Recipe Notes: Ethiopian Awaze Beef Tibs
Traditionally, this dish should be eaten with your hands, using injera as a “utensil” to scoop bites of food. But if injera is not easy or convenient to make or find, substitute rice.
Berebere can be easily found online, and is an essential flavor to the dish. It adds a good amount of heat as well.
This meal should come together in less than 30 minutes. Be sure the get the pan nice and hot before adding the beef. That way, you will get a nice brown sear on the meat.
Do you like Ethiopian food? What are your favorite dishes?

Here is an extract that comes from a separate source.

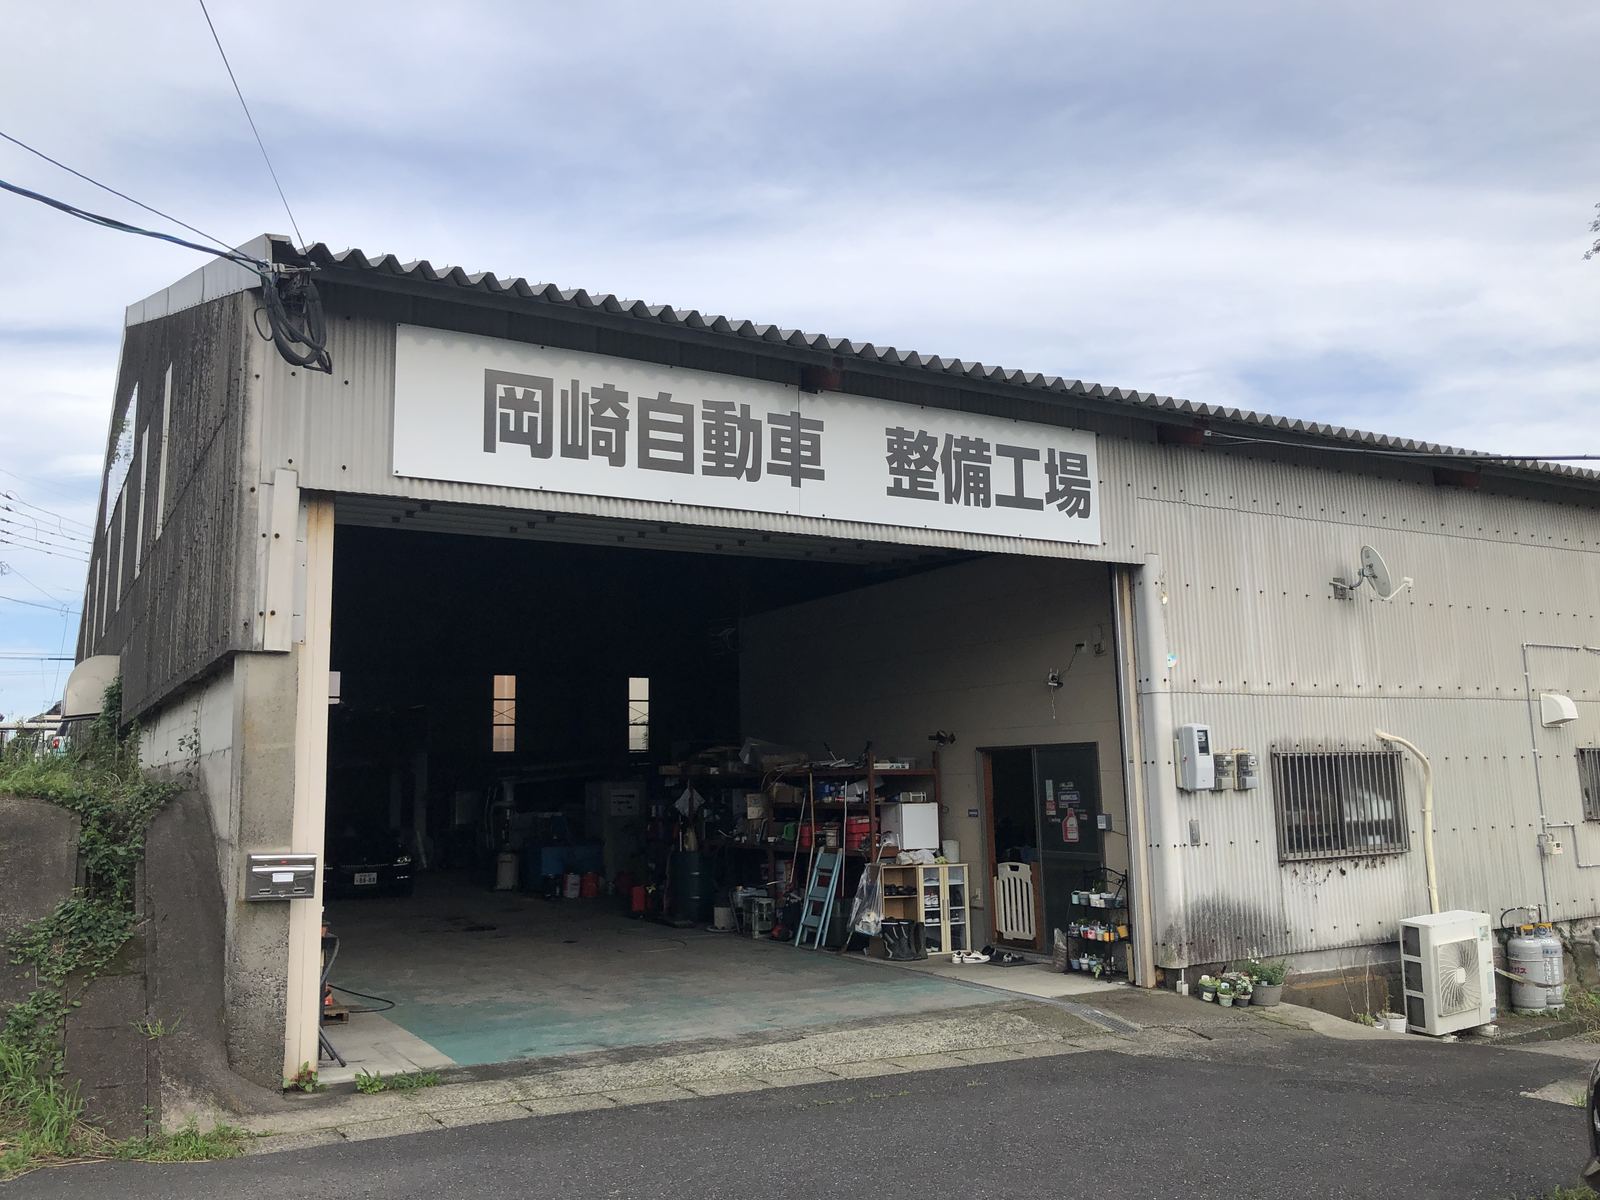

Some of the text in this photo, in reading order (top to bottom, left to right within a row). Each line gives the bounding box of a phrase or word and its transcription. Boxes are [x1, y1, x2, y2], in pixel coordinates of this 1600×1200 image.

[484, 369, 1091, 518] 岡崎自動車 整備工場
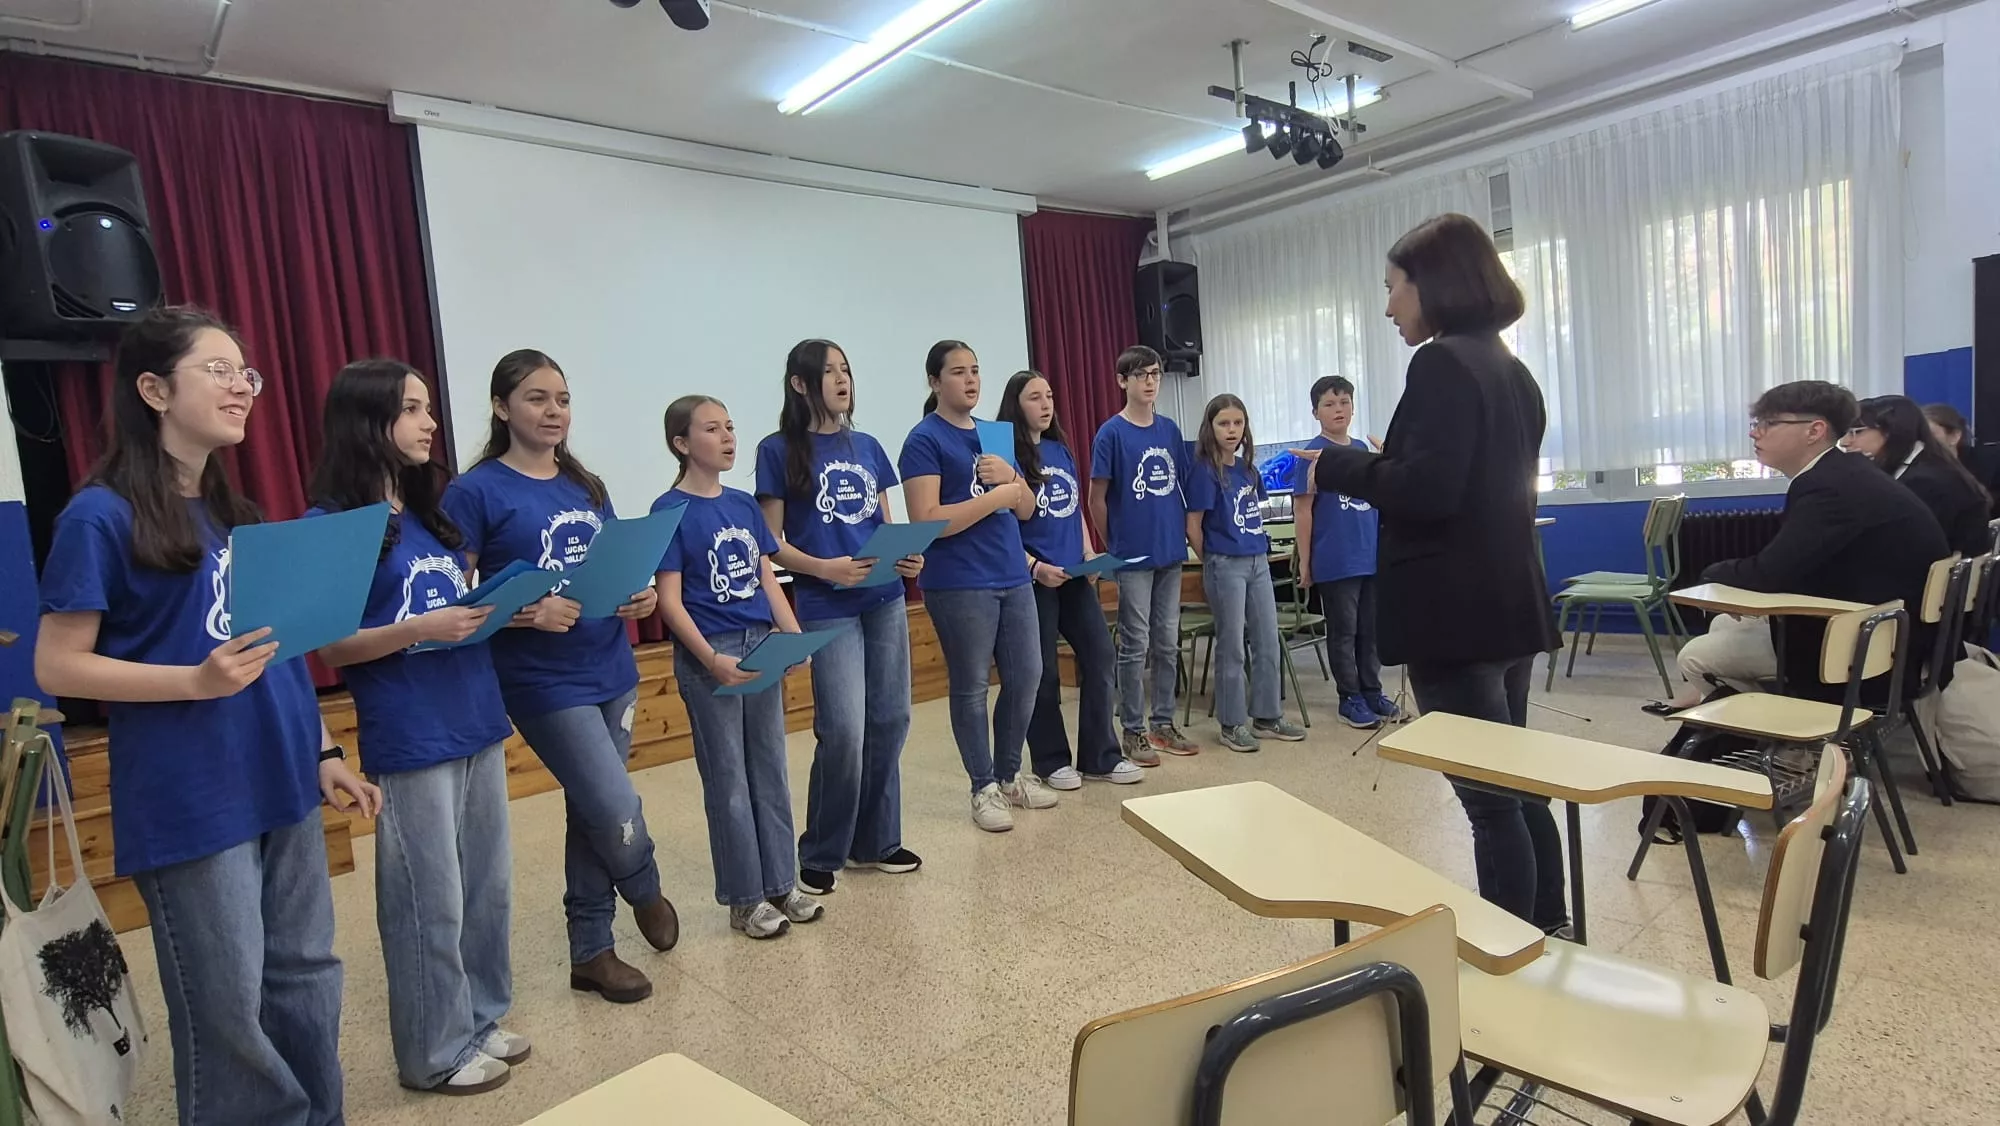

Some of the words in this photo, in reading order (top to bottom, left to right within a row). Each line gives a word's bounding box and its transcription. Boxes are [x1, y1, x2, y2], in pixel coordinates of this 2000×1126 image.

Hanane's Ethiopian Awaze Beef Tibs
- 1 pound ribeye steak, trimmed and cut into thin slices
- 1/4 onion, chopped
- 1/2 teaspoon minced fresh rosemary leaves
- 1 1/2 teaspoons minced fresh ginger
- 5 cloves garlic
- 1 teaspoon berebere spice blend
- 1/2 teaspoon salt
- 2 tablespoons olive oil
- 1 tablespoon clarified butter
- 1/2 cup water
- 1/2 cup fresh chopped tomatoes (optional)
- Purée or mash the fresh ginger and garlic into a paste.
- In a bowl, mix together the steak, onion, rosemary, ginger, garlic, berebere and salt. Place a pan on medium heat. Add the oil and butter. When the pan is hot, place the spiced meat and onion mixture into the hot pan and cook for about 5 minutes. PRO TIP: Do not stir the meat right away. Let it sit in the hot pan for the first couple of minutes to brown on the bottom. Also, make sure you use a wide-enough pan so the meat does not steam. Steaming also prevents browning.
- Add ½ cup water and cook for another 5 minutes. Taste for seasoning. Add fresh chopped tomatoes if desired. Serve with rice, or with injera (which can be purchased from a local Ethiopian market).